Top of Source records

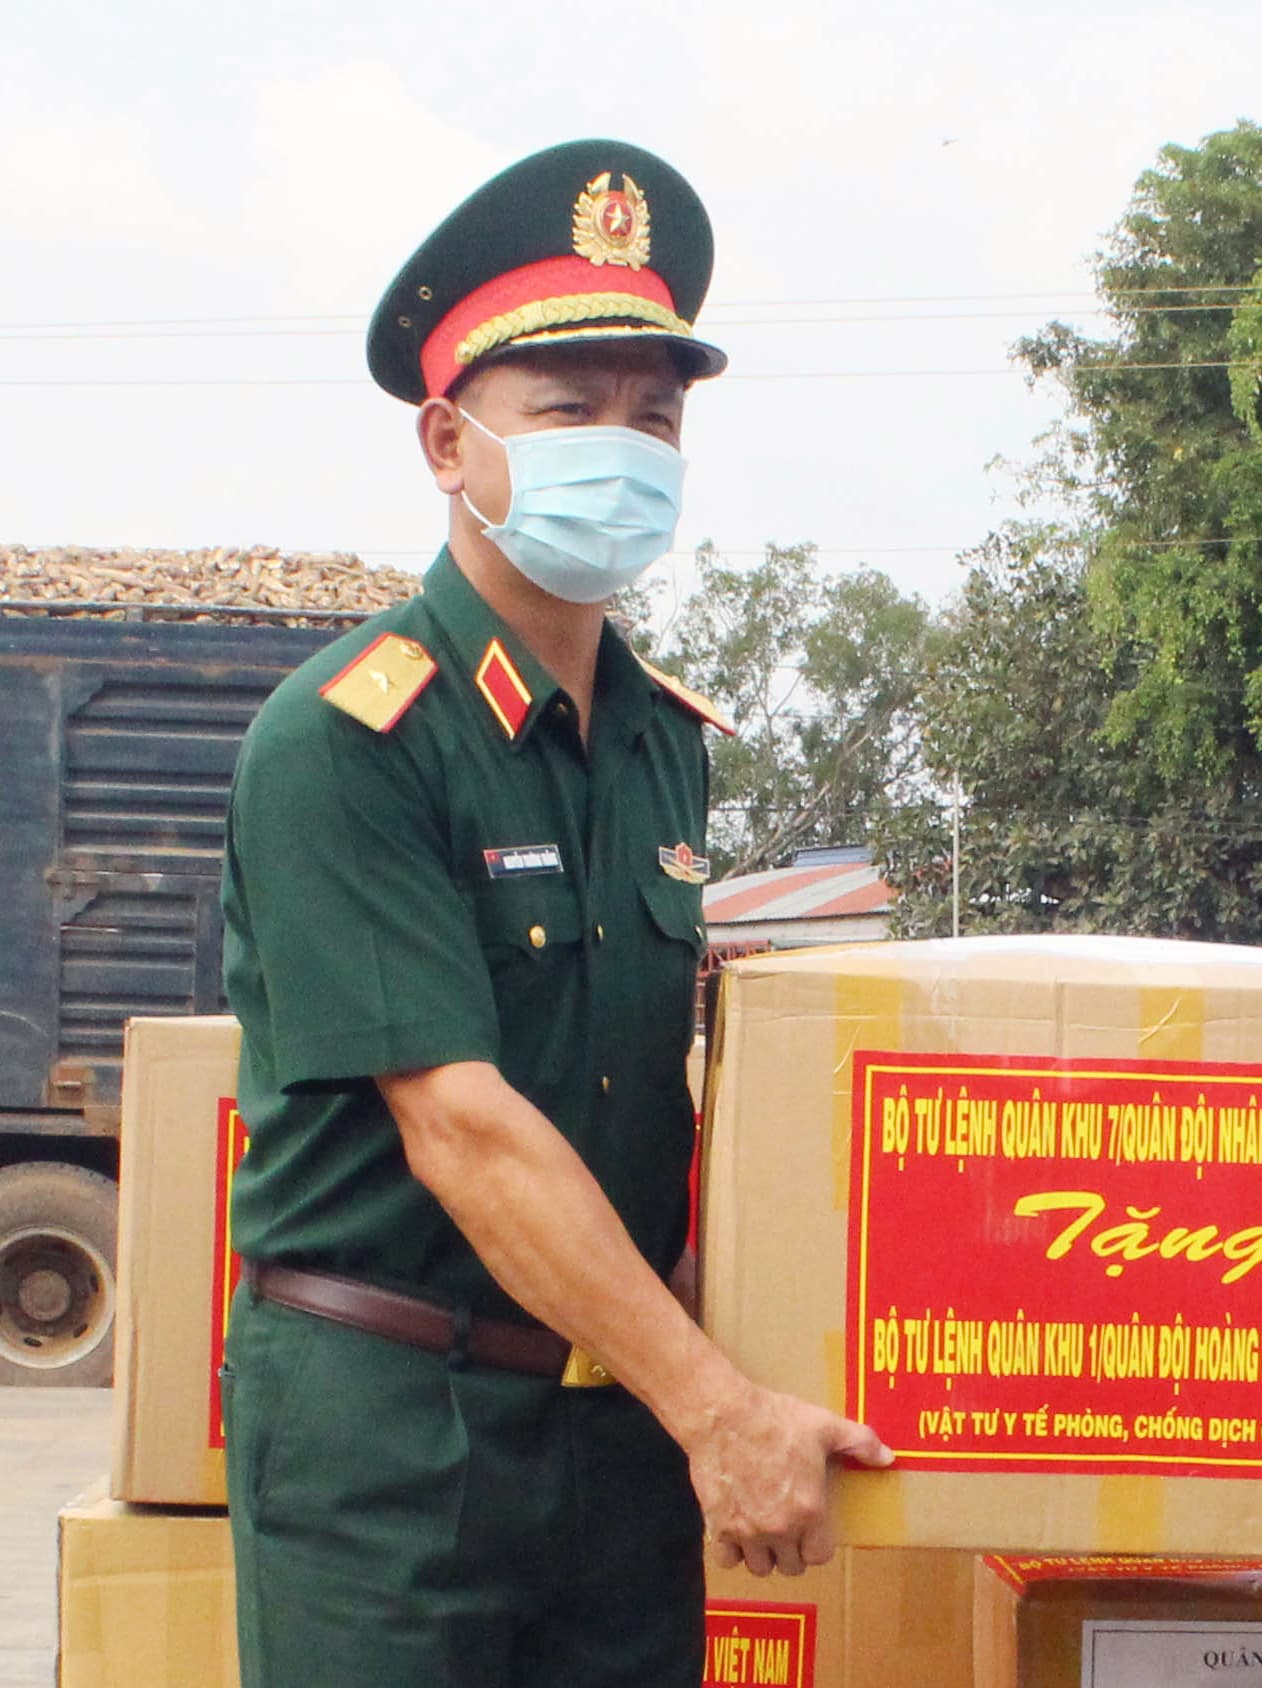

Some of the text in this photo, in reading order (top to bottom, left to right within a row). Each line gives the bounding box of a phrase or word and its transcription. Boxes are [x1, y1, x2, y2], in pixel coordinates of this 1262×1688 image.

[882, 1084, 910, 1171] BỘ
[914, 1086, 943, 1156] TƯ
[944, 1085, 997, 1173] LỆNH
[1001, 1087, 1056, 1160] QUÂN
[1061, 1102, 1103, 1160] KHU
[1108, 1091, 1176, 1166] 7/QUÂN
[1180, 1093, 1214, 1180] ĐỘI
[873, 1305, 899, 1389] BỘ
[904, 1308, 931, 1373] TƯ
[933, 1306, 983, 1391] LỆNH
[987, 1308, 1040, 1379] QUÂN
[1044, 1322, 1084, 1378] KHU
[1158, 1312, 1190, 1395] ĐỘI
[1194, 1312, 1259, 1383] HOÀNG
[918, 1406, 966, 1442] (VẬT
[971, 1408, 1000, 1435] TƯ
[1003, 1413, 1017, 1436] Y
[1022, 1403, 1049, 1437] TẾ
[1053, 1408, 1129, 1443] PHÒNG,
[1134, 1406, 1203, 1440] CHỐNG
[1208, 1417, 1257, 1448] DỊCH
[714, 1625, 789, 1688] VIỆT NAM

Bottom of Source records

» Required action
Your reply should hold only the records, duplicated exactly, without any image.

» Solution to the problem
Some of the text in this photo, in reading order (top to bottom, left to right within a row). Each line gives the bounding box of a phrase or word and its transcription. Boxes are [x1, y1, x2, y2], in pixel coordinates of this 1262×1688 image.

[882, 1084, 910, 1171] BỘ
[914, 1086, 943, 1156] TƯ
[944, 1085, 997, 1173] LỆNH
[1001, 1087, 1056, 1160] QUÂN
[1061, 1102, 1103, 1160] KHU
[1108, 1091, 1176, 1166] 7/QUÂN
[1180, 1093, 1214, 1180] ĐỘI
[873, 1305, 899, 1389] BỘ
[904, 1308, 931, 1373] TƯ
[933, 1306, 983, 1391] LỆNH
[987, 1308, 1040, 1379] QUÂN
[1044, 1322, 1084, 1378] KHU
[1158, 1312, 1190, 1395] ĐỘI
[1194, 1312, 1259, 1383] HOÀNG
[918, 1406, 966, 1442] (VẬT
[971, 1408, 1000, 1435] TƯ
[1003, 1413, 1017, 1436] Y
[1022, 1403, 1049, 1437] TẾ
[1053, 1408, 1129, 1443] PHÒNG,
[1134, 1406, 1203, 1440] CHỐNG
[1208, 1417, 1257, 1448] DỊCH
[714, 1625, 789, 1688] VIỆT NAM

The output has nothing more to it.